Ganar la calle (I)

La primera secuencia de “Pandillas de Nueva York” comienza en una catacumba sin tiempo, donde un ejército de apariencia medieval se prepara para la pelea. La cámara va atravesando sucesivamente galerías, barracas y portales, llega a una encrucijada de calles (los “5 puntos”, el territorio en disputa), y tras una sangrienta batalla, se eleva por sobre el tejido de la ciudad hasta abarcar una perspectiva completa de la Manhattan de 1846.
No es muy distinta la clave del proyecto de Daniel Libeskind, seleccionado para reconstruir el área de las Torres Gemelas: se asienta alrededor de un pozo que rasga la roca viva del suelo neoyorquino, y conmemora la tragedia de las víctimas del 11 de septiembre, para rematar en una torre espiralada que festeja la vitalidad de la democracia norteamericana. Su perfil se elevará, de concretarse, sobre un renovado skyline de la ciudad, continuación (¿y culminación?) de la serie que muestra la película en su escalofriante final, donde las tumbas de los héroes del barrio van desapareciendo en el olvido sobre el fondo de los sucesivos desarrollos del Bajo Manhattan. Que la última toma del sitio incluya las Torres Gemelas, le da a la gran película de Scorsese una tensión final, un interrogante implícito que el proyecto de Libeskind pareciera responder.
Más que la construcción de una mitología sobre la historia de las pandillas del siglo XIX, Scorsese plantea un contrapunto entre la ética guerrera de los bandoleros urbanos y la dinámica del poder del Estado. Hay caudillos corruptos que llegan al frente del camión de bomberos pidiendo votos (y en vez de apagar el incendio organizan el saqueo del edificio vecino), ricachones indolentes que confían en que los pobres se seguirán matando entre ellos, y el fondo de la Guerra de Secesión, que las tribus barriales no entienden y que devora a los pobres y a quienes recién bajan de los barcos. Vallon y Cuttings, los dos antagonistas de la historia, terminan su propia guerra personal entre los desastres de ese conflicto más amplio, que prefigura una ciudad que ellos ni siquiera imaginan. Es maravillosa esa imagen del elefante que escapa por entre las calles del Bajo Manhattan entre la pueblada, la represión y la guerra de pandillas: “Amsterdam” Vallon, siente un desconcierto tan grande como si por un momento le fuera dado el contemplar la imagen futura de la ciudad con sus rascacielos.

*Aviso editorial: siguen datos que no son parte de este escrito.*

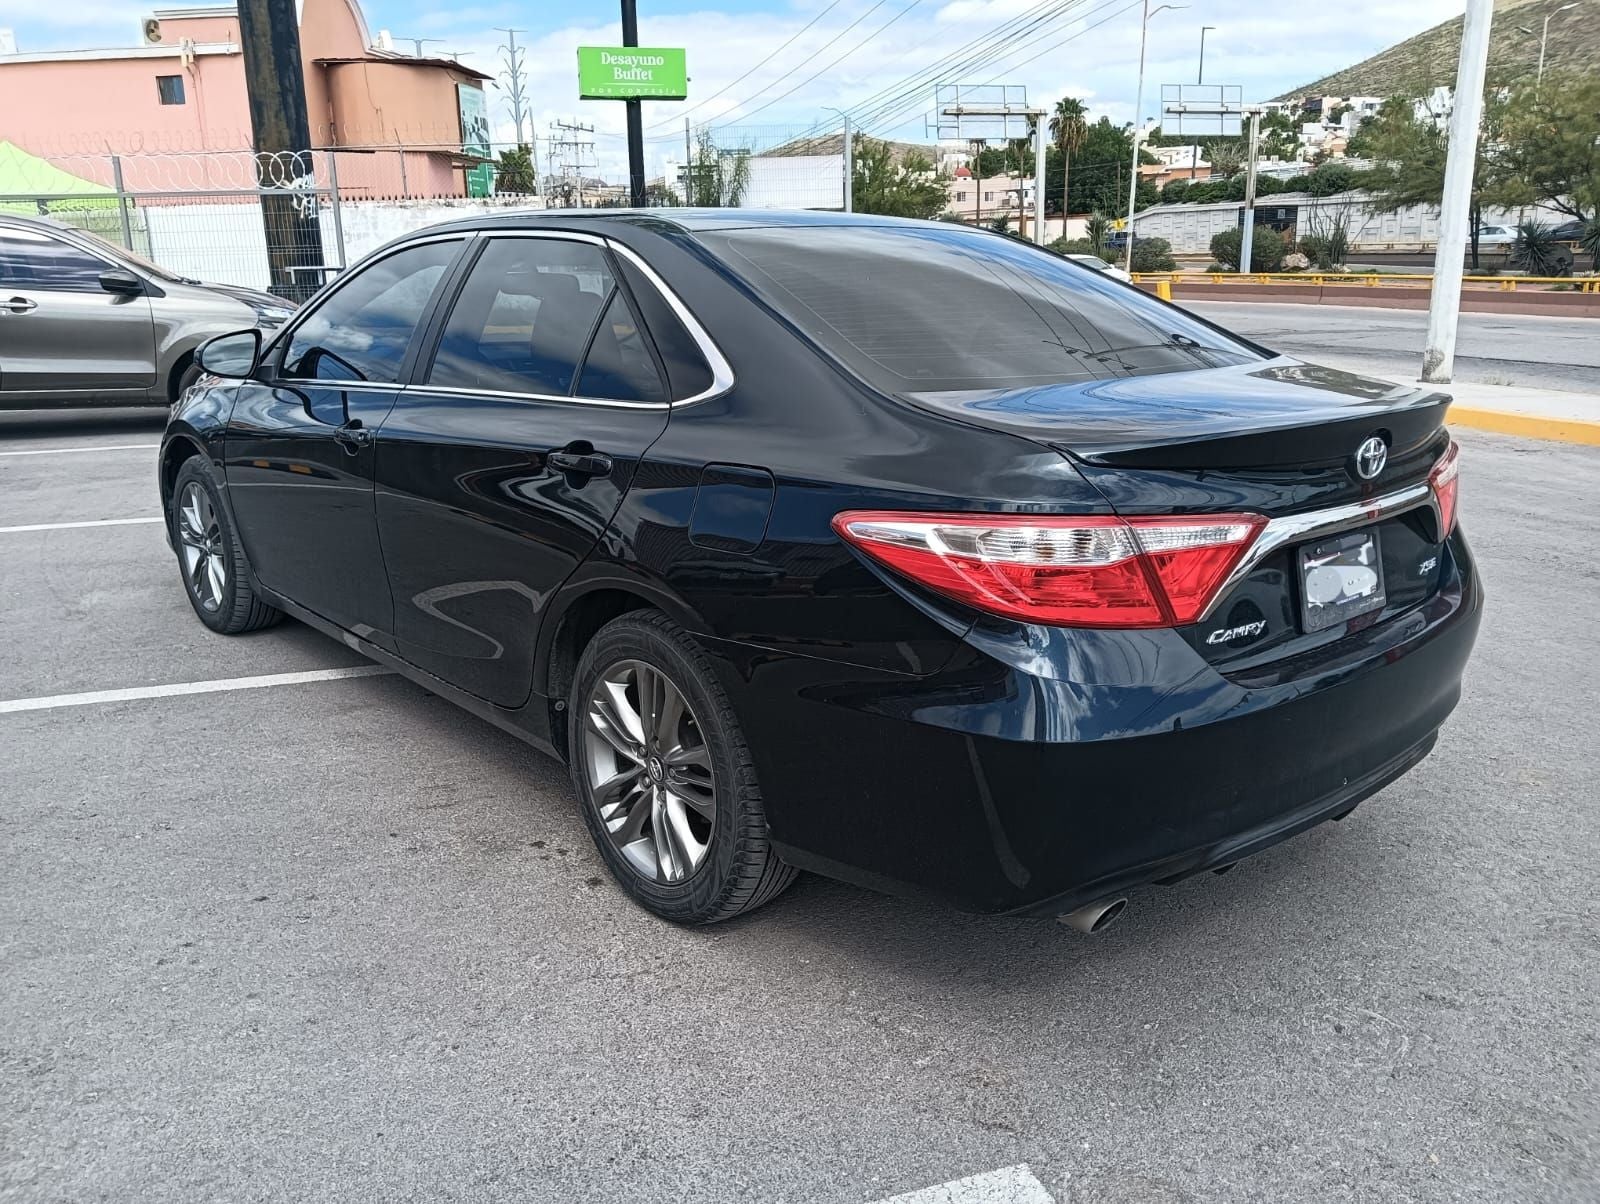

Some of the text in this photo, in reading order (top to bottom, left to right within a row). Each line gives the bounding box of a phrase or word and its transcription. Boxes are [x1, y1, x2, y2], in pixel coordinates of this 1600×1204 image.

[601, 52, 664, 67] Desayuno
[614, 67, 653, 80] Buffet
[1206, 619, 1267, 645] CAMRY
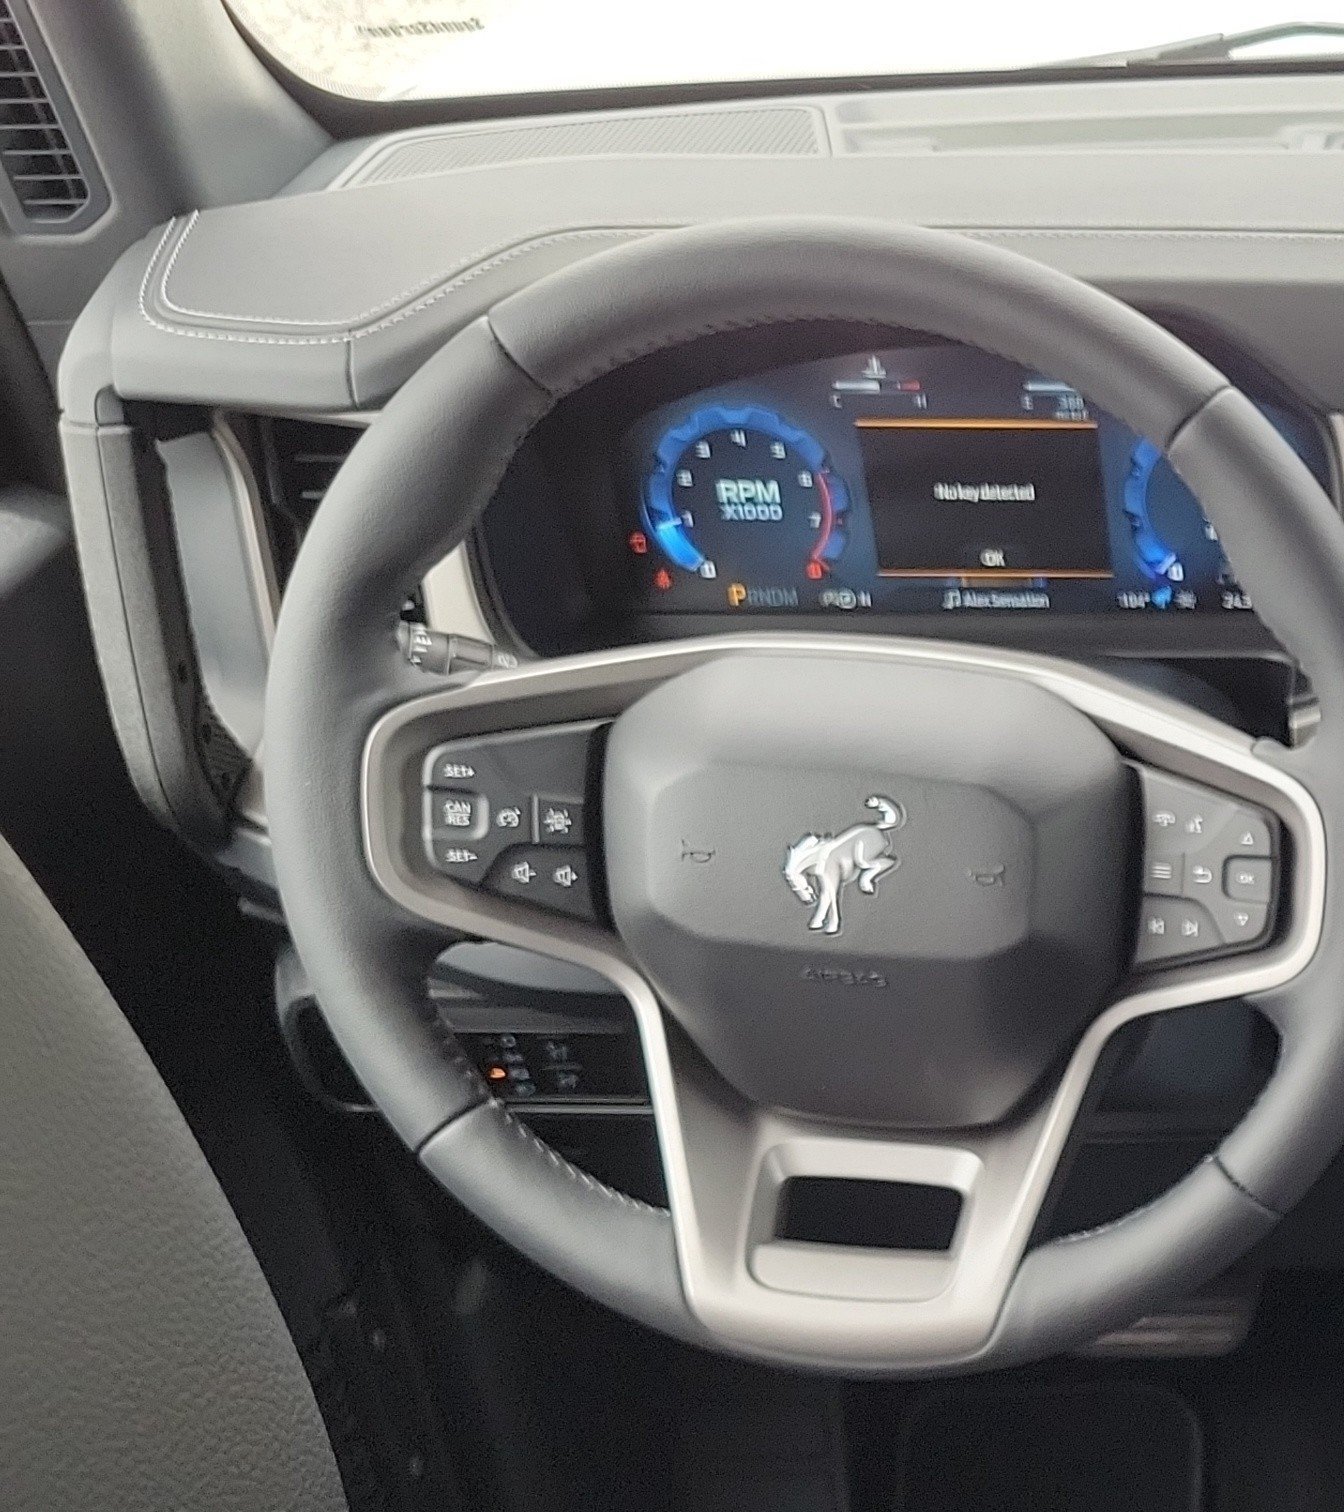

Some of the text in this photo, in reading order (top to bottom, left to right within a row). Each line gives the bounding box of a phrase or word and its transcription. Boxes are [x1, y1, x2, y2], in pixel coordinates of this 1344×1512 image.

A lo largo de su obra Scorsese ha cumplido como pocos la máxima de Tolstoi, aquella que aconseja pintar la propia aldea para ser universal. En “Pandillas…”, el director parece llegar al mismo genoma de la violencia neoyorquina, esa que transforma en materia de arte en películas como Mean Streets y Taxi Driver. Una ciudad que ya es híbrida y multicultural (“¿es que nadie habla ya ingles en Nueva York?”, se pregunta un personaje cansado de lidiar con chinos e irlandeses que hablan en céltico), fascinante y monstruosa (como el Soho de “Después de hora”, donde no hubieran desentonado las vestimentas excéntricas de los pandilleros del Bowery), que ya se escapa de las manos de America mal que le pese a los “Nativos” de Cuttings, un extremista republicano “avant la lettre”. Una ciudad, como resume Vallon en el final, que al igual que sus gentes ha nacido de la sangre y la incertidumbre. El arte puede convertir esos orígenes en materia de trascendencia y redención.